The left succeeds because it’s serious. It understands the new medium because it hires genuine innovators, people who’ve actually helped build companies worth billions of dollars with tens if not hundreds of millions of users. They are not political junkies with a new toy: they are the best and the brightest in a cutting-edge field that has already completely changed the world.

Which group would you hire? Or to put that another way, would you have your airline pilot – no matter how good he might be – perform your brain surgery?

What the right is leaving on the table is staggering. Gallup tells us that just 20% of Americans self-identify as liberal, 42% call themselves conservative. If 2010 demonstrates anything it is this: That independents are overwhelmingly susceptible to a well-articulated conservative agenda. And Tea Party numbers imply the possibility of an online conservative force more than twice the size of the left’s.

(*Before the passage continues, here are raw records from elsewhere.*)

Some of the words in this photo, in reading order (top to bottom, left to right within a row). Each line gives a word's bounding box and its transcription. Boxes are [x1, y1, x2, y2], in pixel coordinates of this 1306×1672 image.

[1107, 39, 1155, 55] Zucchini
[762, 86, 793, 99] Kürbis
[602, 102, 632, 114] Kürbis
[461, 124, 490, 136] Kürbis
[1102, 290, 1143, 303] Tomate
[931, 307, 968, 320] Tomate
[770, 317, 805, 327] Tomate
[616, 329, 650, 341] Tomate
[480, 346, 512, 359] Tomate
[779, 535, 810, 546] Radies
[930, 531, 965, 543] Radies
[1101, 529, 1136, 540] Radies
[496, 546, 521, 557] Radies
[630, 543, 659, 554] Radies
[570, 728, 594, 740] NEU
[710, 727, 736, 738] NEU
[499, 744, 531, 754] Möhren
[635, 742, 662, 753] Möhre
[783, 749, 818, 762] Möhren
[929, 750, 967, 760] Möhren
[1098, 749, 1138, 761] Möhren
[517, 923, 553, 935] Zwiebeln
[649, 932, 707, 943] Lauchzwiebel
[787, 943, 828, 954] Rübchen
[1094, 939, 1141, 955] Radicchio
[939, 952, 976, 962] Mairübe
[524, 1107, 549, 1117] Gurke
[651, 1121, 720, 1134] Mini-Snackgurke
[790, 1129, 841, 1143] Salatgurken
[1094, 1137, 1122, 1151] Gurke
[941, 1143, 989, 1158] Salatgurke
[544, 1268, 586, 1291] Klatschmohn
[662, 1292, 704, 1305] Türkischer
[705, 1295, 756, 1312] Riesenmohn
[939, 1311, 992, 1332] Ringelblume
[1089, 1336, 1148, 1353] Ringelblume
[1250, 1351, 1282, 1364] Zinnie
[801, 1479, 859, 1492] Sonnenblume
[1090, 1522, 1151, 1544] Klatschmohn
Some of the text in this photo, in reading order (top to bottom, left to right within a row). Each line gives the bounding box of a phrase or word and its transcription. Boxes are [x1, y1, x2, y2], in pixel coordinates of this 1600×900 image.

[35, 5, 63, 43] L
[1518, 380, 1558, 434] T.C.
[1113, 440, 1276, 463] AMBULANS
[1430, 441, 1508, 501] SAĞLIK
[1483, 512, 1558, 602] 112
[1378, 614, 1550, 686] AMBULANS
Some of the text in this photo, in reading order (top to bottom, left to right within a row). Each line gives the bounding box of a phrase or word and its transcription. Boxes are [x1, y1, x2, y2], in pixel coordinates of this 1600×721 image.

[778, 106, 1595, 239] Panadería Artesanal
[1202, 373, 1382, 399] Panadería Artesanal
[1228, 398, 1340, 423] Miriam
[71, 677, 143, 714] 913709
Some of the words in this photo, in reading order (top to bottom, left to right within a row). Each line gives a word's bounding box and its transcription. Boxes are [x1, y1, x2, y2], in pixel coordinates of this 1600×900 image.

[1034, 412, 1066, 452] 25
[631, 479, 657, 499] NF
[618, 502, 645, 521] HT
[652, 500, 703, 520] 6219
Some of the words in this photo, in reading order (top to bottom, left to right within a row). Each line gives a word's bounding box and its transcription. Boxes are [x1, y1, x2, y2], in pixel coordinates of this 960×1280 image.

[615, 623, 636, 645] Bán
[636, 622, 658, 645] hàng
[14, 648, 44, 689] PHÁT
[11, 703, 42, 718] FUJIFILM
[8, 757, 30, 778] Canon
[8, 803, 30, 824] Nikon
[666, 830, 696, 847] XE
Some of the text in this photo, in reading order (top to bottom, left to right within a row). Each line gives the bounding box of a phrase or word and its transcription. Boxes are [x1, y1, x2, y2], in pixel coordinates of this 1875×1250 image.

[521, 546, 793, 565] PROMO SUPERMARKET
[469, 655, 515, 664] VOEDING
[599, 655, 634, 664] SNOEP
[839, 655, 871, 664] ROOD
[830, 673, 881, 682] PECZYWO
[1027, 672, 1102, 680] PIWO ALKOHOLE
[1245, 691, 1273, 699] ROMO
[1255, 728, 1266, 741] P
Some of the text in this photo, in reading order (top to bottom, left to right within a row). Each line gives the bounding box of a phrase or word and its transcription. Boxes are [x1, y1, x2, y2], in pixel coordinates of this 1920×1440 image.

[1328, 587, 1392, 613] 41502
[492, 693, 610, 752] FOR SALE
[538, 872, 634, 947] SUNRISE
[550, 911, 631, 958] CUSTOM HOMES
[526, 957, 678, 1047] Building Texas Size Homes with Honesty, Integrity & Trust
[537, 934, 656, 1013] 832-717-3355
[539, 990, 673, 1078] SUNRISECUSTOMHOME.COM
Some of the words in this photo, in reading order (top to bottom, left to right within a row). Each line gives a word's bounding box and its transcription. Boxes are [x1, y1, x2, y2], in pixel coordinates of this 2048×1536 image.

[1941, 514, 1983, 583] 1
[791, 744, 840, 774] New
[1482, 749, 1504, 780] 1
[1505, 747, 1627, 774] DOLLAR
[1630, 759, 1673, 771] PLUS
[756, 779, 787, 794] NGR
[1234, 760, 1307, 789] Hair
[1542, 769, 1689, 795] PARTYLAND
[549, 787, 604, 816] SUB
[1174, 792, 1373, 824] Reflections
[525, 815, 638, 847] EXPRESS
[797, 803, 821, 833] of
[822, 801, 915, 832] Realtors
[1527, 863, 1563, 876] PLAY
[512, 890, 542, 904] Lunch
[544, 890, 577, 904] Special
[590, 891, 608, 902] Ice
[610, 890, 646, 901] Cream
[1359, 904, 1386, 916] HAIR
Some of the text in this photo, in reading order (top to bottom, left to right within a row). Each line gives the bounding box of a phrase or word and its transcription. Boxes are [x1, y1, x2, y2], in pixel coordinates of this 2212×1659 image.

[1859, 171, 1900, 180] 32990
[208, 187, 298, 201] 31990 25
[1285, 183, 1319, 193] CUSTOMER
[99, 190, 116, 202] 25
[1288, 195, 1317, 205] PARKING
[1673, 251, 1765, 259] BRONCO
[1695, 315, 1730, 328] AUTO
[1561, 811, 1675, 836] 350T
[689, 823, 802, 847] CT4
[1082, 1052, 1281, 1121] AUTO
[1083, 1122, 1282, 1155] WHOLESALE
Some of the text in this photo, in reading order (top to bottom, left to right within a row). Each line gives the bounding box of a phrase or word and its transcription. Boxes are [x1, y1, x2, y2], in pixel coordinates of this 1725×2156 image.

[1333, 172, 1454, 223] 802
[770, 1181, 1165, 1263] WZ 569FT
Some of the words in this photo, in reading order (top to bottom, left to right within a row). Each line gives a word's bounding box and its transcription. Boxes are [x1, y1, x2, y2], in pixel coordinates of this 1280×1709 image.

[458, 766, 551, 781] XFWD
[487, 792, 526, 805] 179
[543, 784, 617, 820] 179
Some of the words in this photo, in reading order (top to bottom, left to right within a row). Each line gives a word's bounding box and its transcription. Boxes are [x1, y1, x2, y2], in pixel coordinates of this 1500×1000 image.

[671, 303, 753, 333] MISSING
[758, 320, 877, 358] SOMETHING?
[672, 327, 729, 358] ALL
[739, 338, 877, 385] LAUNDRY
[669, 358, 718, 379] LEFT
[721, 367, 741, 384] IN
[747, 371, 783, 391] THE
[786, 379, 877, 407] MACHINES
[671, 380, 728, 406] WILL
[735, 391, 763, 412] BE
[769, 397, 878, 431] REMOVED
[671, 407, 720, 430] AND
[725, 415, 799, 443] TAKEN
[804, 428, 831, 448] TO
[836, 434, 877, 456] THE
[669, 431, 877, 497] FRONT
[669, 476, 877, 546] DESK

Along with friends from PayPal and Apple, I am working to create that force through what we call The Vanguard Project. We’ve put a lot of money behind it ourselves. We need more: Billionaire George Soros and his friends put $24 million behind MoveOn in its early stages. It’s not cheap, any more than PayPal or Facebook were cheap. Modern tanks were more expensive than horses too, and needed officers with different experience.

But the clock is ticking. The left has leveraged a minority into dominance: conservatism’s 2010 wave is no match for the full organizational power of our opponents. The Tea Party has given conservatives an army. Whether we back, fund and deploy a modern technological infrastructure to undergird and support that army will determine whether we take back America, or whether we experience the ugly lessons learned by the French Army, or worse, the Polish Cavalry.

Rod D. Martin, founder of The Vanguard Project, is a leading futurist, technology entrepreneur and conservative activist from Destin, Florida. He was part of PayPal.com’s pre-IPO startup team, serving as special counsel to founder and CEO Peter Thiel, and also served as policy director to former Governor Mike Huckabee. He is President of the National Federation of Republican Assemblies (NFRA), a member of the Council for National Policy, and serves on numerous nonprofit and for-profit boards.